UK's unlawful PPE contracts, Germany to mandate jabs?: COVID-19 daily bulletin
Daniel Harries
Pupils queue to receive coronavirus vaccinations at a primary school in Naples, Italy. /Reuters/Ciro De Luca

Pupils queue to receive coronavirus vaccinations at a primary school in Naples, Italy. /Reuters/Ciro De Luca


· The UK government's use of a 'VIP fast lane' for personal protective equipment (PPE) suppliers with contacts to government ministers and officials has been ruled unlawful by the High Court.

Campaign groups the Good Law Project and EveryDoctor took the government to court over claims that suppliers with political connections were given preferential treatment in acquiring contracts worth millions of pounds.

· Russia has so far recorded 698 cases of the Omicron coronavirus variant and will prepare new measures by the end of the week to combat its spread, Deputy Prime Minister Tatyana Golikova said.

Omicron has pushed case figures to record highs in Western Europe, but the variant has been slower to hit Russia, where daily cases have fallen from a peak of 41,335 registered in early November.

· France's Health Minister Olivier Veran said it was too early to say if the current, Omicron-fueled wave had peaked in the country, which is currently reporting record numbers of daily new cases.

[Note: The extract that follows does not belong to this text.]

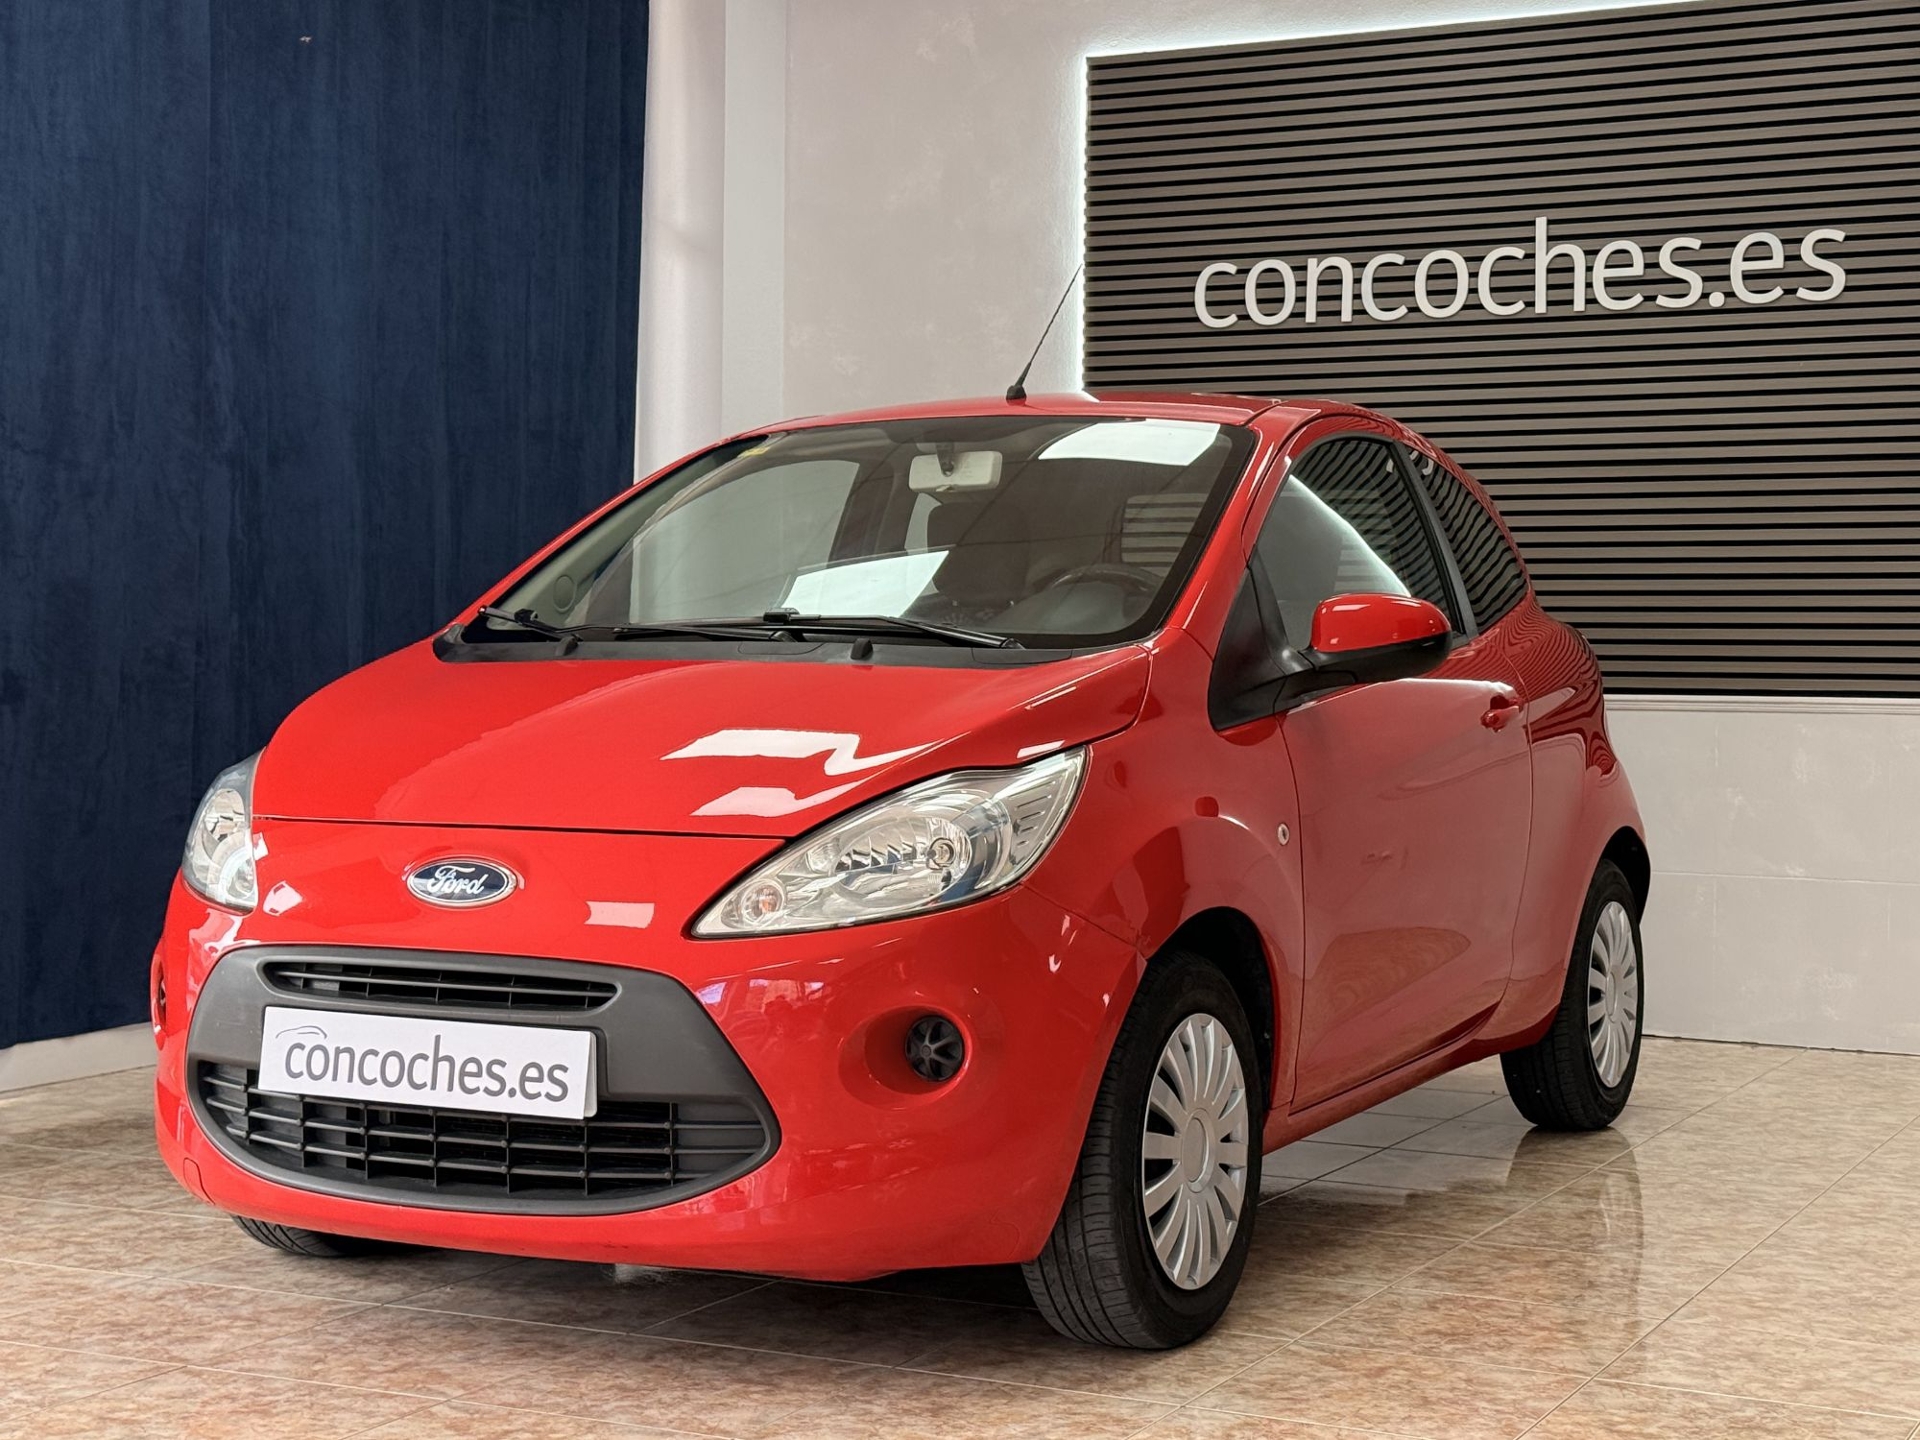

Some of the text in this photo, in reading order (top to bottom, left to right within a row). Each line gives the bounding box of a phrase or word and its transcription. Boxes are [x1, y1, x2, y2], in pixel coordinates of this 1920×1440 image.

"We still need a bit of time to work out whether or not we are near a current COVID peak," Veran told France Info radio, adding that the more dangerous Delta variant was declining in France.

French health authorities on Tuesday reported 368,149 new coronavirus cases, the highest single-day tally of the pandemic. And the seven-day moving average of new cases, which smoothes out reporting irregularities, rose to a record level of 283,394.

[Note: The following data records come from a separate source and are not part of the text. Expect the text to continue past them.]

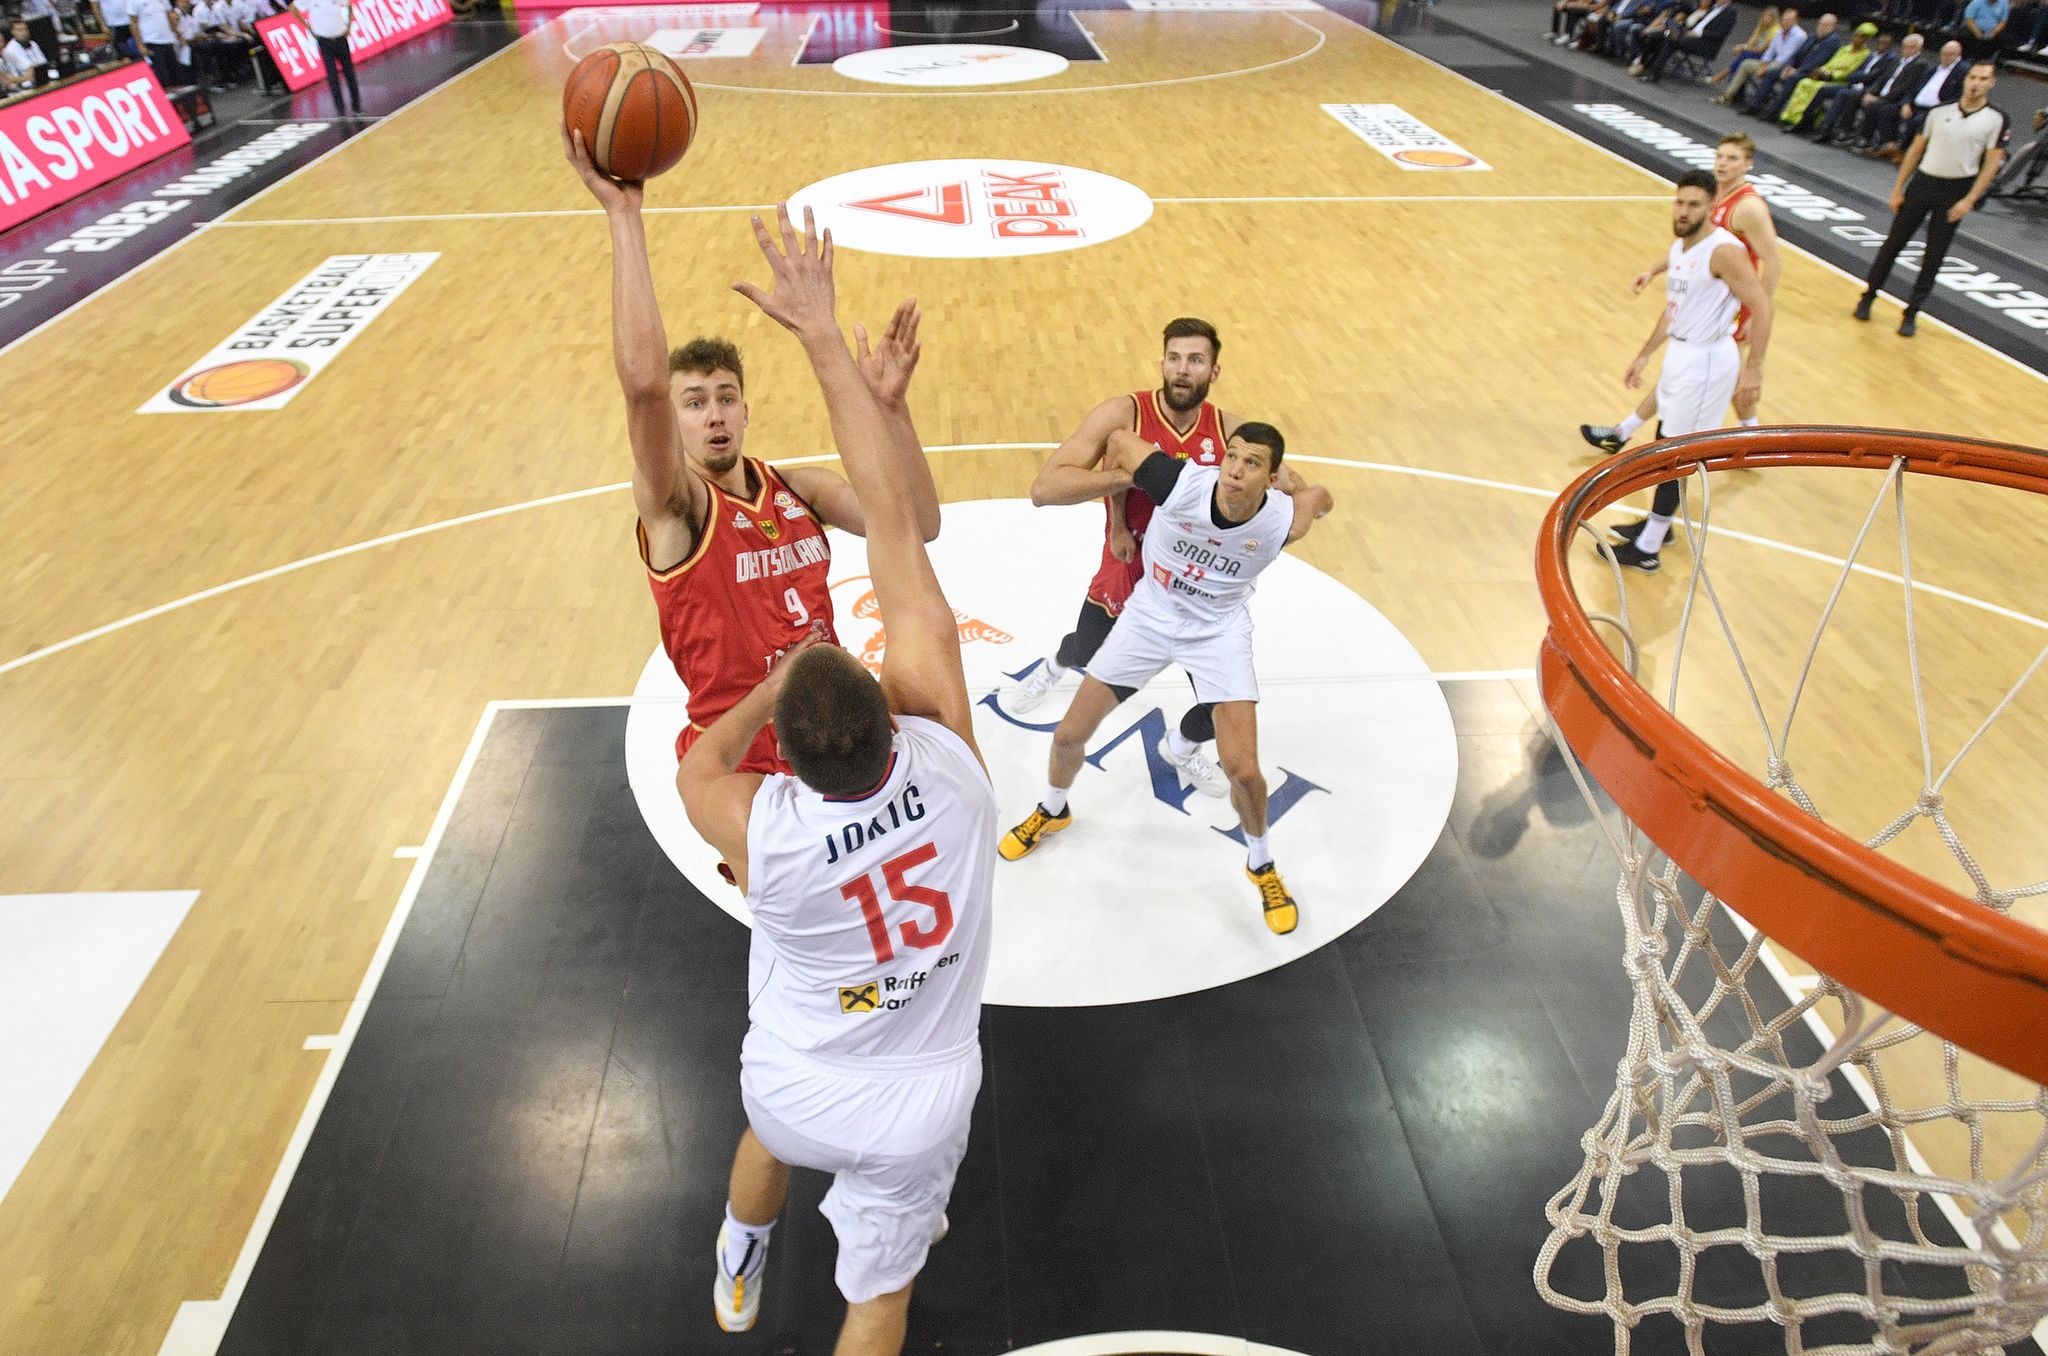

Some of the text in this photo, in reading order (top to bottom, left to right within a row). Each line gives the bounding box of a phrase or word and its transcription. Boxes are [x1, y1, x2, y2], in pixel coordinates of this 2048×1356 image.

[290, 0, 401, 69] MENTA
[25, 76, 171, 181] SPORT
[44, 199, 192, 253] 2022
[151, 122, 332, 197] HAMBURG
[982, 169, 1085, 238] PEAK
[228, 255, 374, 350] BASKETBALL
[285, 254, 423, 349] SUPERCUP
[1173, 540, 1241, 577] SRBIJA
[783, 587, 809, 627] 9
[826, 780, 926, 865] JOKIĆ
[839, 841, 955, 966] 15

· Germany reported 80,430 new coronavirus infections on Wednesday, the highest recorded in a single day since the pandemic began, as the contagious Omicron variant rips through a population with lower vaccination rates than some other parts of Europe.

The previous daily record, on November 26, was more than 76,000. Just under 75 percent of the population has had at least one dose of a COVID-19 vaccine, the latest figures from the Robert Koch Institute for infectious disease show.

· The ruling Social Democrats (SPD) expect a bill on making vaccination mandatory in Germany to be voted on by parliament in March, the party's leader in the legislature said.

Parliament passed a law in December making coronavirus vaccinations compulsory for certain professions from mid-March onwards. The SPD plans to have an expanded vaccine mandate proposal ready after a parliamentary debate at the end of January, said the SPD's Rolf Muetzenich.

· Surging infections are forcing local authorities in Finland to deviate from a government strategy based on mass testing, tracking and isolation. Helsinki and neighboring cities recommend that those with a mild infection do not get an official test as the waiting time can now be days, authorities said in a joint statement.

"Tracing infections has lost its effectiveness due to delays in testing and in contacting the patients," they said. Instead, authorities said anyone with symptoms, including children, should stay home voluntarily.

· Ireland should be in a position to start easing restrictions from next month once the number of people requiring critical care remains stable, a senior minister said on Wednesday.

Ireland has the second-highest incidence rate of COVID-19 in Europe and one of the continent's highest uptakes of booster vaccines, helping keep the number of patients in intensive care stable and well below the peak of previous waves of the disease.